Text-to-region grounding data

_ _ _ _ _ _ _

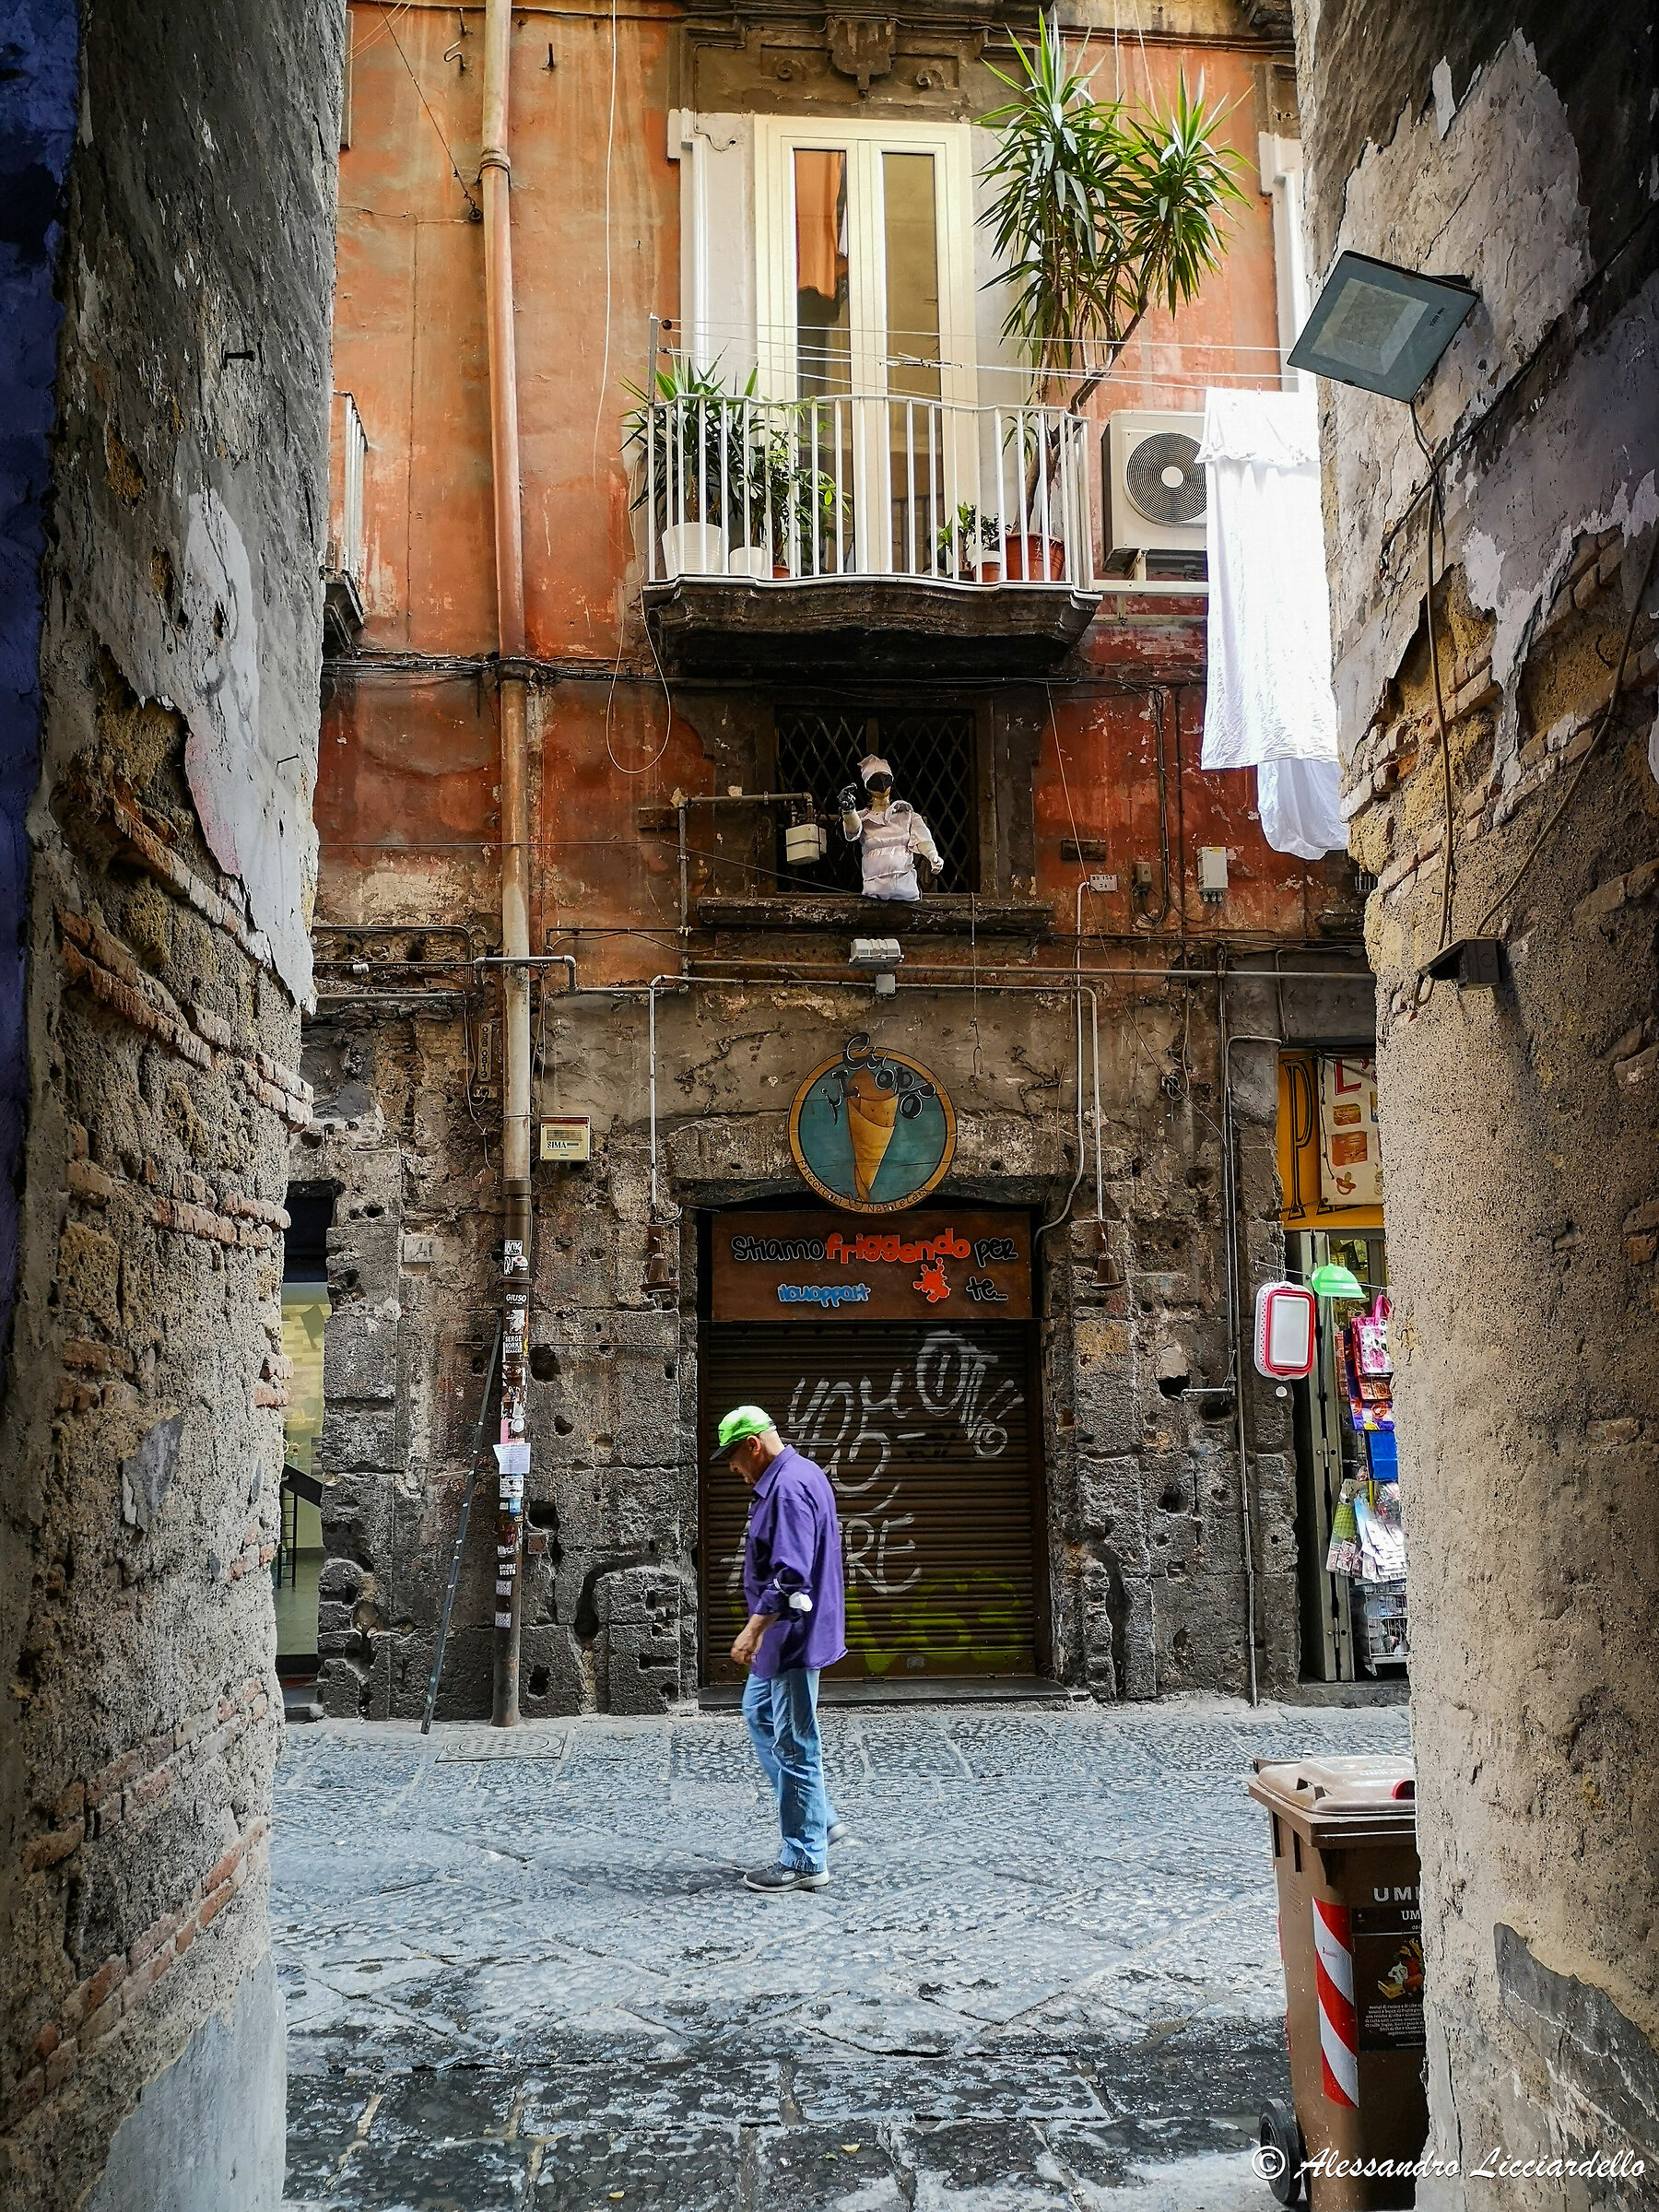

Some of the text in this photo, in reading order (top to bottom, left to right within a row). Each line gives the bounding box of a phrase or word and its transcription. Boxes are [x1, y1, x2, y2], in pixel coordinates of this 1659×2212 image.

[547, 1141, 567, 1149] SIMA
[731, 1235, 826, 1261] Stiamo
[825, 1228, 971, 1264] friggendo
[506, 1293, 526, 1301] GIUSO

_ _ _ _ _ _ _

→ Directions: Only the records are wanted, copied exactly, with the pictures dropped.

→ Result below:
Some of the text in this photo, in reading order (top to bottom, left to right within a row). Each line gives the bounding box of a phrase or word and its transcription. Boxes are [x1, y1, x2, y2], in pixel coordinates of this 1659×2212 image.

[547, 1141, 567, 1149] SIMA
[731, 1235, 826, 1261] Stiamo
[825, 1228, 971, 1264] friggendo
[506, 1293, 526, 1301] GIUSO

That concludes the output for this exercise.